Les années 50 vont être marquées par un photographe essentiel dans l’histoire de la photographie. Avec son livre « Les américains », Robert Frank va révolutionner la façon de photographier et donc de voir.
Loin très loin d’une photographie hagiographique, il enregistre le quotidien le plus banal. Il retranscrit ce qu’il voit, ce qu’il ressent, c’est une photographie à la première personne loin de toute notion de l’objectivité prétendue du photographe.
La technique photographique en est révolutionnée, le grain explose des grandes plages de noir et blanc envahissent les photographies sans nuance, les cadrages sortent des conventions, bref Robert Frank fait sa révolution. Il est symptomatique que la préface du livre soit faite par Jack Kerouac : « That crasy feeling in America when the sun in hot on the Streets and music comes from the jukebox or from a nearby funeral, that’s what Robert Frank has captured in these treemudous photographs taken as he traveled on the roadaround pretically forty eight states in an old used car and with the agility, uglery, genius, sadness and strange secrecy of a shadow photographed scene that have never been seen before ». Extrait de la préface de Jack Kerouac.
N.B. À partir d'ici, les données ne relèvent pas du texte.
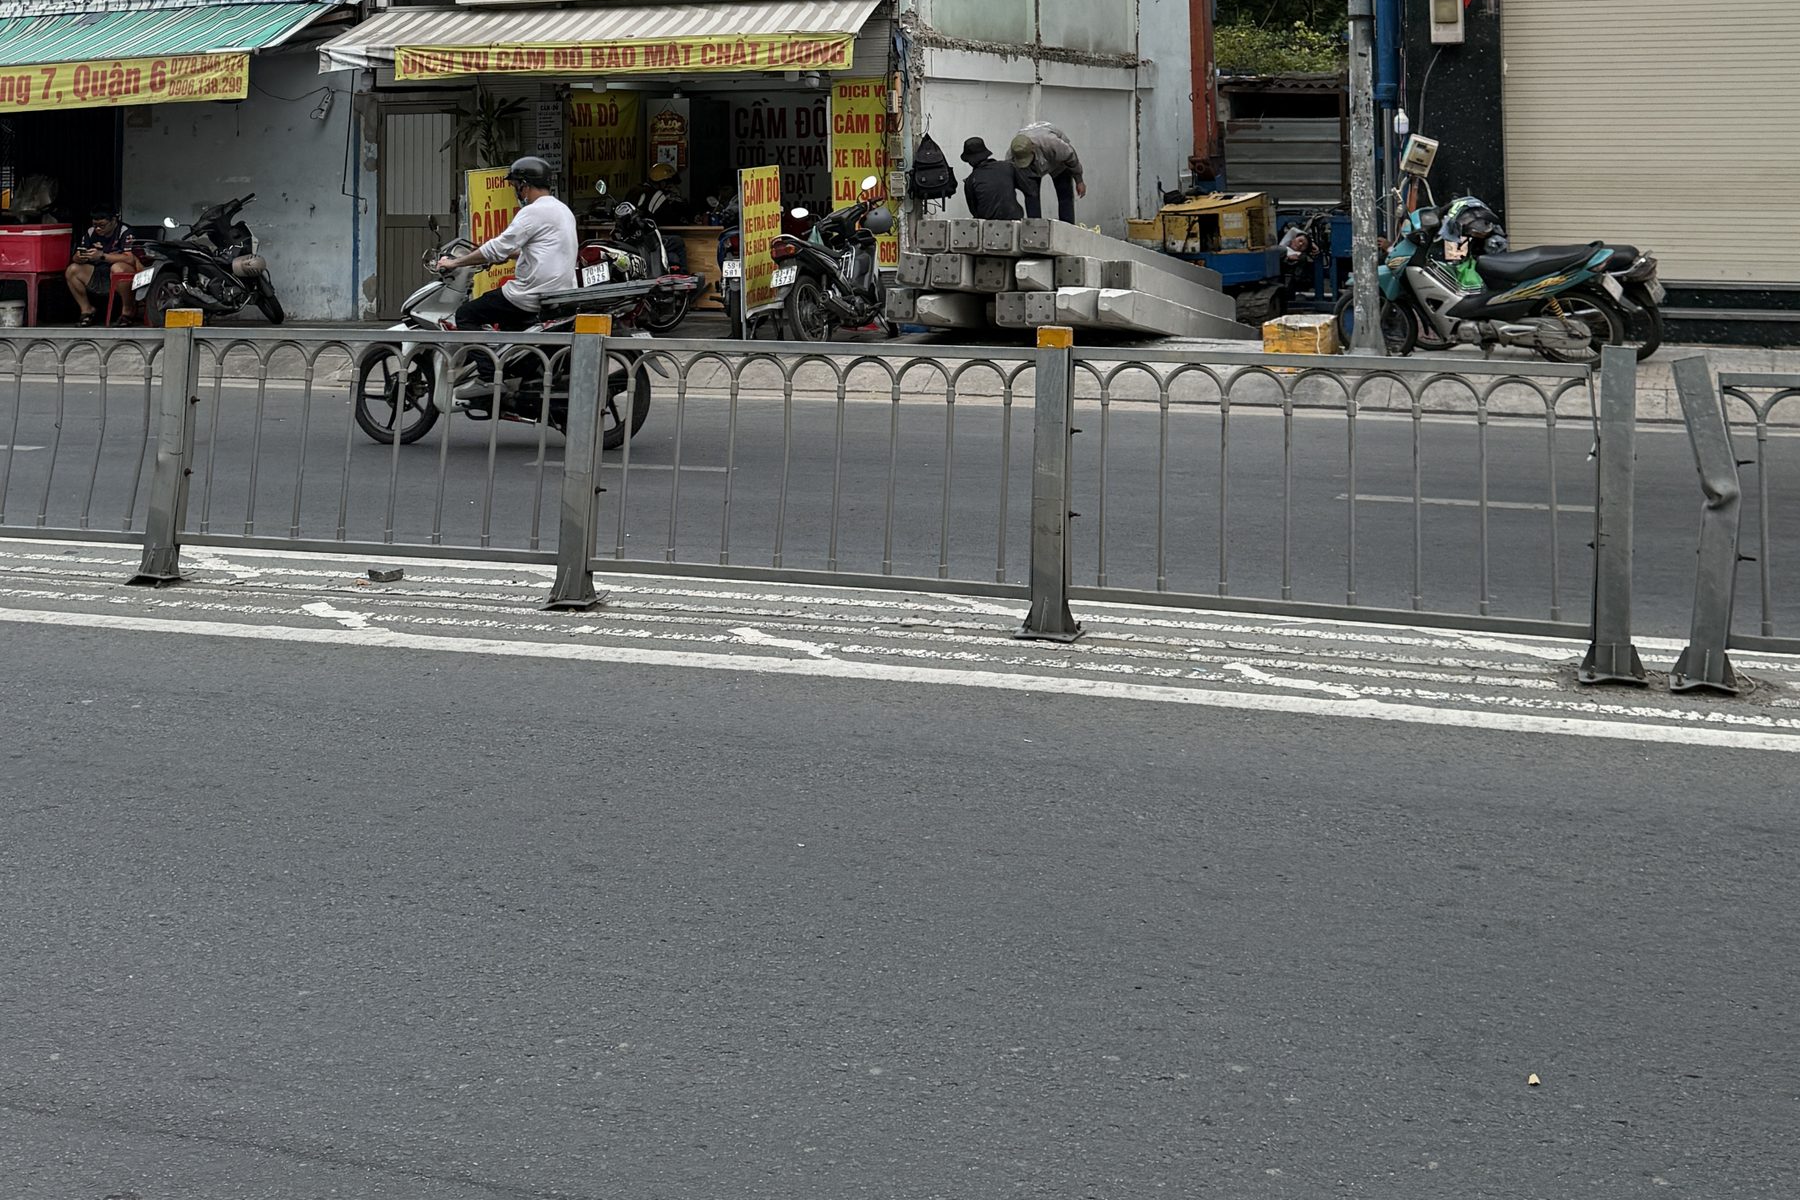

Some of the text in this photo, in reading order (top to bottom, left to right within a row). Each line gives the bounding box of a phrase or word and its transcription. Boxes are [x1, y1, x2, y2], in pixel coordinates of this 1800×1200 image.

[644, 41, 693, 70] MẬT
[701, 36, 760, 65] CHẤT
[767, 41, 846, 68] LƯỢNG
[40, 68, 63, 103] 7,
[72, 62, 141, 103] Quận
[150, 60, 167, 93] 6
[839, 84, 870, 100] DỊCH
[734, 98, 787, 139] CẦM
[834, 107, 870, 134] CẦM
[835, 149, 848, 168] XE
[851, 143, 872, 168] TRẢ
[485, 176, 505, 192] DỊCH
[834, 176, 856, 201] LÃI
[472, 196, 508, 245] CẦM
[745, 218, 753, 234] XE
[880, 241, 898, 263] 603
Les Rolling Stones pour l’album « Exile on Main Street » se souviendront du travail de Robert Frank du travail de Robert Frank, il fera la pochette de l’album et aussi un film « Cooksucker blues » sur la tournée américaine du groupe. Ce film ne sortira jamais, les Rolling Stones n’étant guère enthousiastes et un peu effrayés par l’image que le film révélait de leurs tribulations.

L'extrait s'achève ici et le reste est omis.